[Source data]
========

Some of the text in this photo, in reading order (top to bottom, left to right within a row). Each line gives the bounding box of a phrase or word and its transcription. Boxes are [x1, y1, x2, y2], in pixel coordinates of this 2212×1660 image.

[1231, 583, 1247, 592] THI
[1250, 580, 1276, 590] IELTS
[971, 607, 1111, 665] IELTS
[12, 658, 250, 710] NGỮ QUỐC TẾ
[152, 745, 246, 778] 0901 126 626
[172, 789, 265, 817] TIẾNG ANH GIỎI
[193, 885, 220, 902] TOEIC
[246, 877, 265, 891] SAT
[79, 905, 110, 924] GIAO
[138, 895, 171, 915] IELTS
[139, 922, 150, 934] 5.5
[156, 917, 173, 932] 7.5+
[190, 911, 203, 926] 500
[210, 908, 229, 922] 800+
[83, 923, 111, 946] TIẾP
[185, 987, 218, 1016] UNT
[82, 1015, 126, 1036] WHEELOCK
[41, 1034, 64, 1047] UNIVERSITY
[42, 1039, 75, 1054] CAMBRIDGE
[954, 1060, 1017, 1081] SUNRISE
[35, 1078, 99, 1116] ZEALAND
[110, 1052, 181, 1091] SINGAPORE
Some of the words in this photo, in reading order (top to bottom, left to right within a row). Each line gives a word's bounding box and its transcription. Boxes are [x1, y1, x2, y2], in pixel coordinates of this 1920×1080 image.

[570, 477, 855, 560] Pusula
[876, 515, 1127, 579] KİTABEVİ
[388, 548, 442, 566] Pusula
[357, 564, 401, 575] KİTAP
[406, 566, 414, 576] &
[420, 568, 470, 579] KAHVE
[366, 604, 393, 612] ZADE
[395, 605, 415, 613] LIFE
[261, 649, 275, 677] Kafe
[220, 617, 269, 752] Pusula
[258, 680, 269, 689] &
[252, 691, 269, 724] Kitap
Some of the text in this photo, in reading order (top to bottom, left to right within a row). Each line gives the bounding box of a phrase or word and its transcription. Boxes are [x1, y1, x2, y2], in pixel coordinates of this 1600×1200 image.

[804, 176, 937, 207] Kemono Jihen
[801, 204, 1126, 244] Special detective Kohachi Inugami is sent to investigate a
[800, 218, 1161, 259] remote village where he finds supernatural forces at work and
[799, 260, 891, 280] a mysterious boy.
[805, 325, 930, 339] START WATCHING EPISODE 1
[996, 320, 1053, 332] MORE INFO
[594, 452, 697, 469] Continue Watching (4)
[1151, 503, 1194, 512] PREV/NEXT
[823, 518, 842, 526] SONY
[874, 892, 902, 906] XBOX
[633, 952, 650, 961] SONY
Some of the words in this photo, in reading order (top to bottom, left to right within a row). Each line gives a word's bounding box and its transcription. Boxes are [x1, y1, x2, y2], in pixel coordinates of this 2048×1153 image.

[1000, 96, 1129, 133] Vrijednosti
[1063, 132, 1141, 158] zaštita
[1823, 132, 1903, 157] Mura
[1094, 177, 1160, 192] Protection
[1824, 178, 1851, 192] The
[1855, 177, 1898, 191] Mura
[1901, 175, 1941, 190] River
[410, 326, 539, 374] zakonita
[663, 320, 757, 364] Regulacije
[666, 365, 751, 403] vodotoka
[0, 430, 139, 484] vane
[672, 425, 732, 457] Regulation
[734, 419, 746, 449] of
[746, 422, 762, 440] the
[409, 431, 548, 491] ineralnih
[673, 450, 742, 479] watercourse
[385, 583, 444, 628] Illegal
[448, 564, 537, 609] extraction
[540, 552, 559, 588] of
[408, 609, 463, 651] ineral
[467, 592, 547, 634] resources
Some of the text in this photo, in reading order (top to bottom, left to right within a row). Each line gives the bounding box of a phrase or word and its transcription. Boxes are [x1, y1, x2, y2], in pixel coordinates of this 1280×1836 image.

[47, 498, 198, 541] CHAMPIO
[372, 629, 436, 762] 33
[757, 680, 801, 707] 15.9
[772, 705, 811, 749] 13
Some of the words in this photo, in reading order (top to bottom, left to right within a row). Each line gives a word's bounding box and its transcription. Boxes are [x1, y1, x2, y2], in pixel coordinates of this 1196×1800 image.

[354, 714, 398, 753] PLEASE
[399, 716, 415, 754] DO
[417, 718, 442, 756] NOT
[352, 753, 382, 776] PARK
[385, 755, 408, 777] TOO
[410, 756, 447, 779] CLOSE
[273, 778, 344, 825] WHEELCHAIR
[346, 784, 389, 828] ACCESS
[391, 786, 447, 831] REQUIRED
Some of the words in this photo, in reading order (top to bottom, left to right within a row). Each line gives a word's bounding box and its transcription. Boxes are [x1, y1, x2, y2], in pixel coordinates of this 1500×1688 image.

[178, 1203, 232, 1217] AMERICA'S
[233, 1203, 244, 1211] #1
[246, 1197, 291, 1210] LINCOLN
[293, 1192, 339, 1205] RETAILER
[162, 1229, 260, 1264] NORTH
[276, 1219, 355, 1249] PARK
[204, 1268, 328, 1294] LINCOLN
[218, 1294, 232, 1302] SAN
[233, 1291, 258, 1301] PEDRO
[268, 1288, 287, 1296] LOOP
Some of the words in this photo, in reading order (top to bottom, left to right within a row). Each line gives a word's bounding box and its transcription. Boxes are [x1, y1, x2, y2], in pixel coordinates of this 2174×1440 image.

========

Could you reproduce every record above exactly as it appears?

Some of the text in this photo, in reading order (top to bottom, left to right within a row). Each line gives the bounding box of a phrase or word and its transcription. Boxes are [x1, y1, x2, y2], in pixel coordinates of this 2212×1660 image.

[1231, 583, 1247, 592] THI
[1250, 580, 1276, 590] IELTS
[971, 607, 1111, 665] IELTS
[12, 658, 250, 710] NGỮ QUỐC TẾ
[152, 745, 246, 778] 0901 126 626
[172, 789, 265, 817] TIẾNG ANH GIỎI
[193, 885, 220, 902] TOEIC
[246, 877, 265, 891] SAT
[79, 905, 110, 924] GIAO
[138, 895, 171, 915] IELTS
[139, 922, 150, 934] 5.5
[156, 917, 173, 932] 7.5+
[190, 911, 203, 926] 500
[210, 908, 229, 922] 800+
[83, 923, 111, 946] TIẾP
[185, 987, 218, 1016] UNT
[82, 1015, 126, 1036] WHEELOCK
[41, 1034, 64, 1047] UNIVERSITY
[42, 1039, 75, 1054] CAMBRIDGE
[954, 1060, 1017, 1081] SUNRISE
[35, 1078, 99, 1116] ZEALAND
[110, 1052, 181, 1091] SINGAPORE
Some of the words in this photo, in reading order (top to bottom, left to right within a row). Each line gives a word's bounding box and its transcription. Boxes are [x1, y1, x2, y2], in pixel coordinates of this 1920×1080 image.

[570, 477, 855, 560] Pusula
[876, 515, 1127, 579] KİTABEVİ
[388, 548, 442, 566] Pusula
[357, 564, 401, 575] KİTAP
[406, 566, 414, 576] &
[420, 568, 470, 579] KAHVE
[366, 604, 393, 612] ZADE
[395, 605, 415, 613] LIFE
[261, 649, 275, 677] Kafe
[220, 617, 269, 752] Pusula
[258, 680, 269, 689] &
[252, 691, 269, 724] Kitap
Some of the text in this photo, in reading order (top to bottom, left to right within a row). Each line gives the bounding box of a phrase or word and its transcription. Boxes are [x1, y1, x2, y2], in pixel coordinates of this 1600×1200 image.

[804, 176, 937, 207] Kemono Jihen
[801, 204, 1126, 244] Special detective Kohachi Inugami is sent to investigate a
[800, 218, 1161, 259] remote village where he finds supernatural forces at work and
[799, 260, 891, 280] a mysterious boy.
[805, 325, 930, 339] START WATCHING EPISODE 1
[996, 320, 1053, 332] MORE INFO
[594, 452, 697, 469] Continue Watching (4)
[1151, 503, 1194, 512] PREV/NEXT
[823, 518, 842, 526] SONY
[874, 892, 902, 906] XBOX
[633, 952, 650, 961] SONY
Some of the words in this photo, in reading order (top to bottom, left to right within a row). Each line gives a word's bounding box and its transcription. Boxes are [x1, y1, x2, y2], in pixel coordinates of this 2048×1153 image.

[1000, 96, 1129, 133] Vrijednosti
[1063, 132, 1141, 158] zaštita
[1823, 132, 1903, 157] Mura
[1094, 177, 1160, 192] Protection
[1824, 178, 1851, 192] The
[1855, 177, 1898, 191] Mura
[1901, 175, 1941, 190] River
[410, 326, 539, 374] zakonita
[663, 320, 757, 364] Regulacije
[666, 365, 751, 403] vodotoka
[0, 430, 139, 484] vane
[672, 425, 732, 457] Regulation
[734, 419, 746, 449] of
[746, 422, 762, 440] the
[409, 431, 548, 491] ineralnih
[673, 450, 742, 479] watercourse
[385, 583, 444, 628] Illegal
[448, 564, 537, 609] extraction
[540, 552, 559, 588] of
[408, 609, 463, 651] ineral
[467, 592, 547, 634] resources
Some of the text in this photo, in reading order (top to bottom, left to right within a row). Each line gives the bounding box of a phrase or word and its transcription. Boxes are [x1, y1, x2, y2], in pixel coordinates of this 1280×1836 image.

[47, 498, 198, 541] CHAMPIO
[372, 629, 436, 762] 33
[757, 680, 801, 707] 15.9
[772, 705, 811, 749] 13
Some of the words in this photo, in reading order (top to bottom, left to right within a row). Each line gives a word's bounding box and its transcription. Boxes are [x1, y1, x2, y2], in pixel coordinates of this 1196×1800 image.

[354, 714, 398, 753] PLEASE
[399, 716, 415, 754] DO
[417, 718, 442, 756] NOT
[352, 753, 382, 776] PARK
[385, 755, 408, 777] TOO
[410, 756, 447, 779] CLOSE
[273, 778, 344, 825] WHEELCHAIR
[346, 784, 389, 828] ACCESS
[391, 786, 447, 831] REQUIRED
Some of the words in this photo, in reading order (top to bottom, left to right within a row). Each line gives a word's bounding box and its transcription. Boxes are [x1, y1, x2, y2], in pixel coordinates of this 1500×1688 image.

[178, 1203, 232, 1217] AMERICA'S
[233, 1203, 244, 1211] #1
[246, 1197, 291, 1210] LINCOLN
[293, 1192, 339, 1205] RETAILER
[162, 1229, 260, 1264] NORTH
[276, 1219, 355, 1249] PARK
[204, 1268, 328, 1294] LINCOLN
[218, 1294, 232, 1302] SAN
[233, 1291, 258, 1301] PEDRO
[268, 1288, 287, 1296] LOOP
Some of the words in this photo, in reading order (top to bottom, left to right within a row). Each line gives a word's bounding box and its transcription. Boxes are [x1, y1, x2, y2], in pixel coordinates of this 2174×1440 image.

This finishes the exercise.